In tort law, negligence occurs when one party (a person, company, or other type of entity) fails to use reasonable care, which results in injury to another. People, as well as companies and other entities, have a legal responsibility to take into account any potential harm that they may cause to another person.

Intentional or unintentional behavior may result in negligence, and those who fail to act with reasonable care could be held legally liable for their actions, even if they didn’t mean to harm another person.

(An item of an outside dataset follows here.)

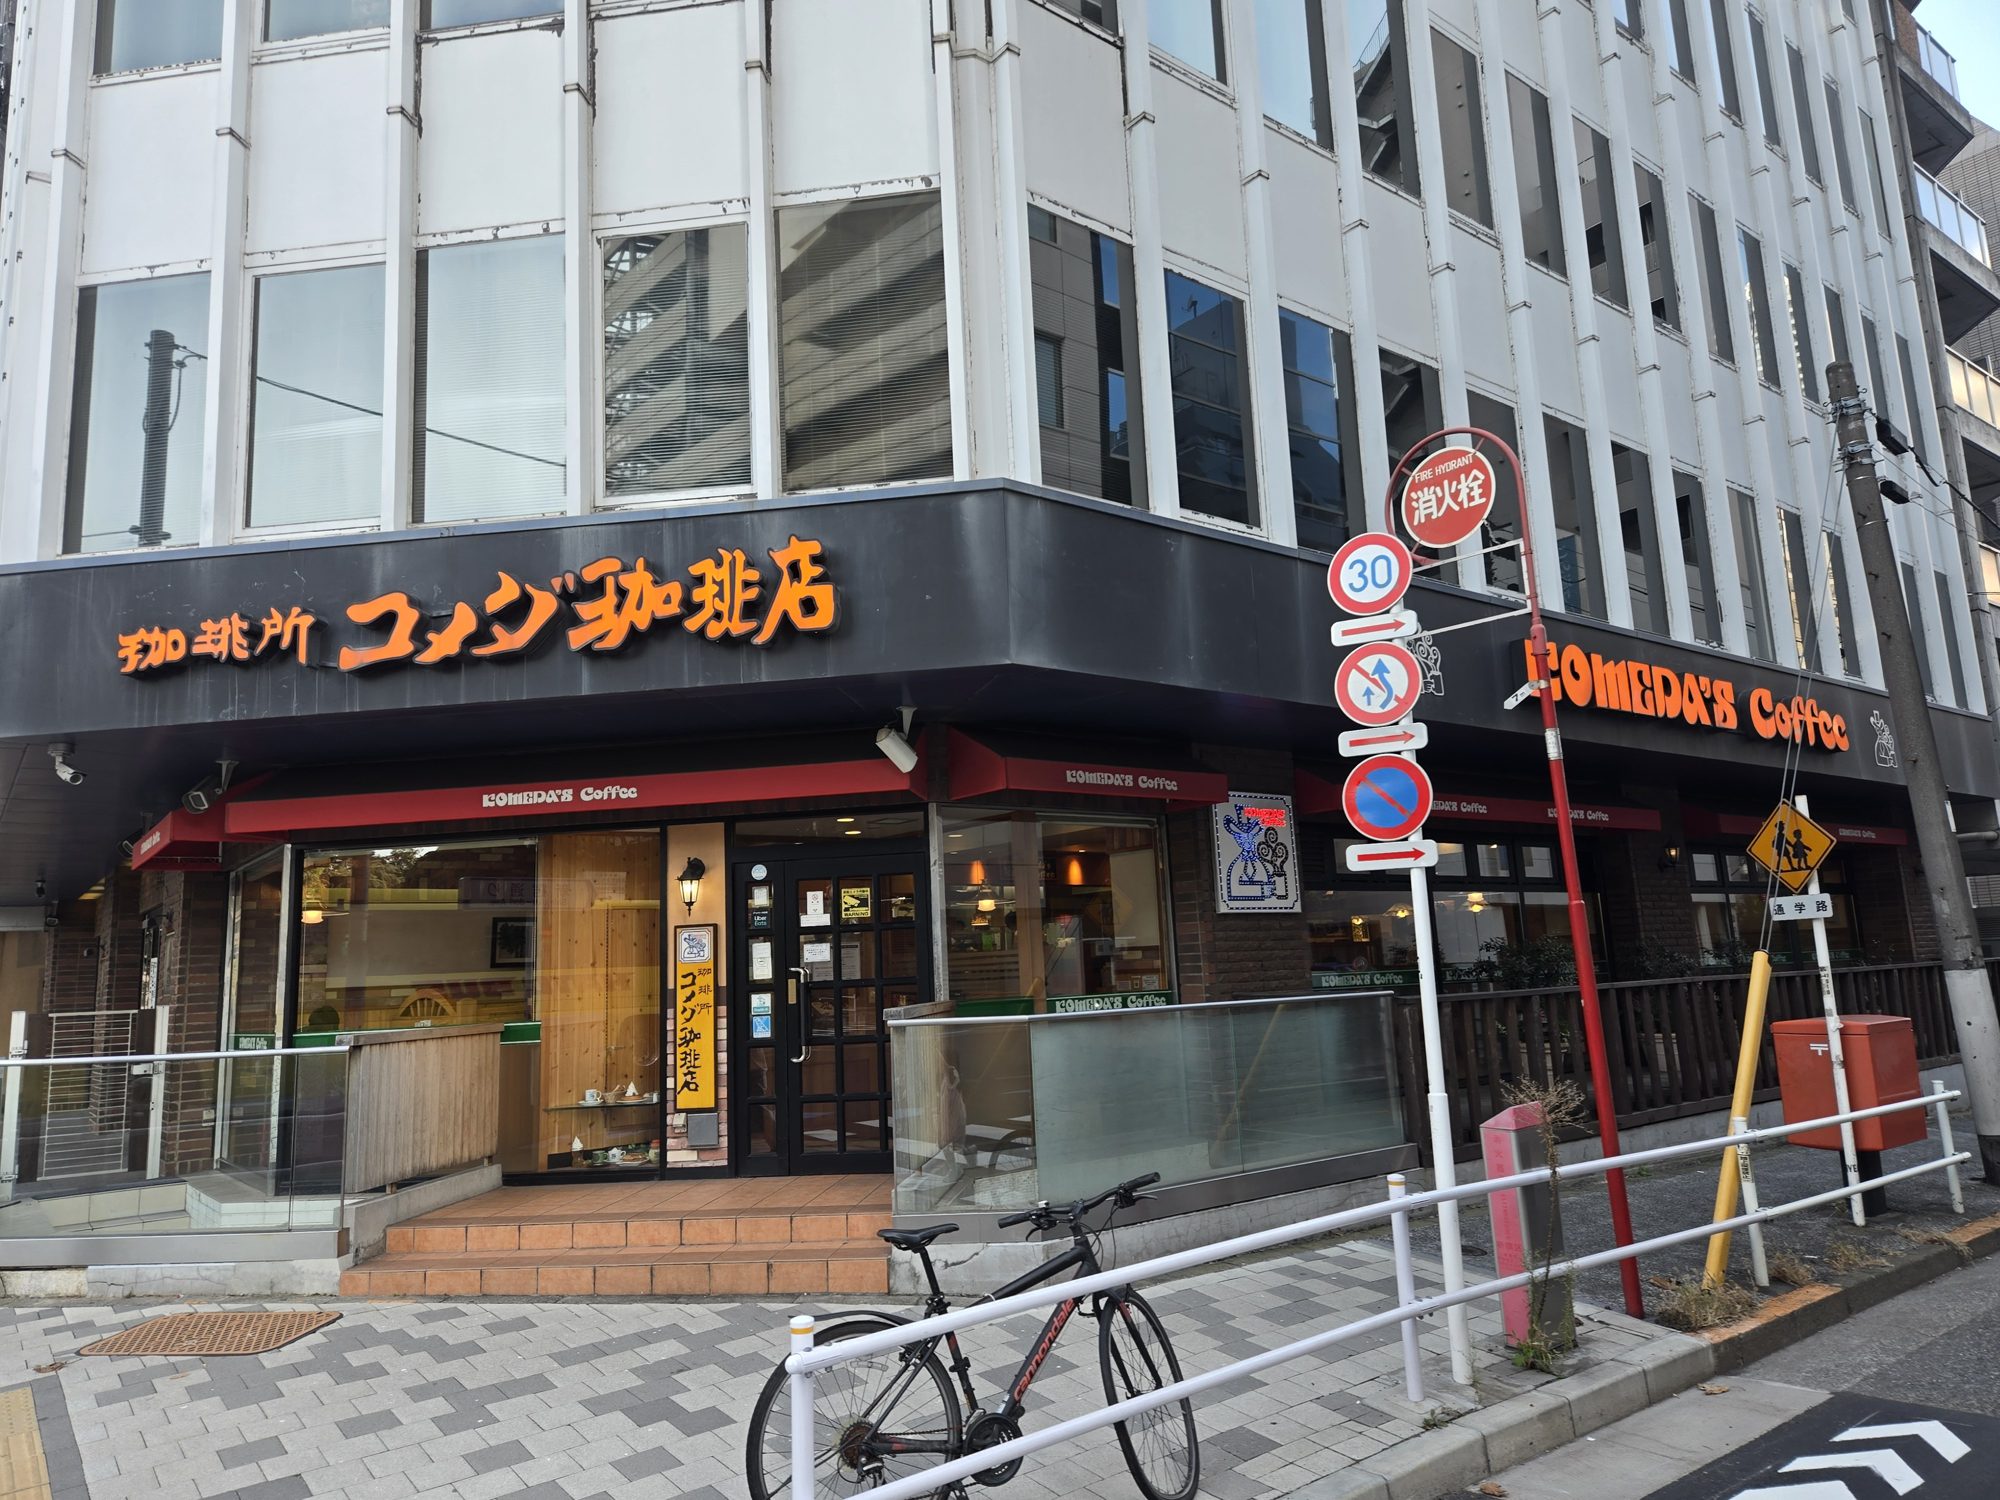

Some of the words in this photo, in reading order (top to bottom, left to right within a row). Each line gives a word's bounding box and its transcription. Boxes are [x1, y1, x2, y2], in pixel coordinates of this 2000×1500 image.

Elements of Negligence Claims

When a personal injury claim is filed, the plaintiff must be able to prove what are known as “elements” of negligence. In most jurisdictions, there are four elements in negligence claims:

Duty

The first element in determining negligence is known as duty or duty of care. In personal injury law, there must be some sort of legal responsibility (or legal duty) that the defendant owed to the plaintiff.

Breach of Duty

In addition to determining any legally responsibility, the plaintiff must also prove that the duty was breached. In other words, the plaintiff must show that the defendant failed to act with reasonable care. In most cases, a jury decides whether or not a breach has occurred.

Damages

The plaintiff must then be able to prove that the breach of duty resulted in injury or harm. Damages may include physical injury to the person or their property as well as psychological or emotional injuries.

Causation

The plaintiff must also prove that the defendant’s actions (or failure to act) were the cause of their injuries. Two types of causation typically exist in personal injury claims involving negligence: (1) factual causation and (2) proximate cause.

What Are Damages?

In tort law, “damages” include the monetary value or remedy paid to the plaintiff as compensation for their injuries. In cases involving negligence, damages are often awarded based on the severity of injury, harm or loss suffered by the plaintiff.

Compensatory damages (are the most common form of damages awarded and are designed to make the person “whole.” Likewise, compensatory damages put a dollar amount on the plaintiff’s injuries and generally cover all losses, including lost wages, medical bills, cost of repairs incurred due to property damage as well as any other costs or expenses related to the injury.

If compensatory damages do not adequately compensate the plaintiff, the court may also award punitive damages to punish the defendant for any conduct considered to be egregious or atrocious. Punitive damages are often assessed to keep the defendant and others from engaging in similar conduct in the future.

What Can Happen If Someone is Negligent and an Injury Occurs?

When a person or company is negligent and causes harm to another, personal injury law attempts to ensure that the party responsible for the injury compensates the injured party for damages. Compensation for injuries is not limited to physical harm and may include emotional, economic, or reputational injuries as well as violations of privacy, property, or constitutional rights.

Personal injury lawyers provide legal representation to those who claim to have been injured, physically or psychologically. Personal injury lawyers can assist victims in a number of ways, including interviewing witnesses, recreating the scene, requesting medical expert testimony, obtaining police documentation, communicating with other lawyers and insurance companies, and negotiating on the behalf of victims.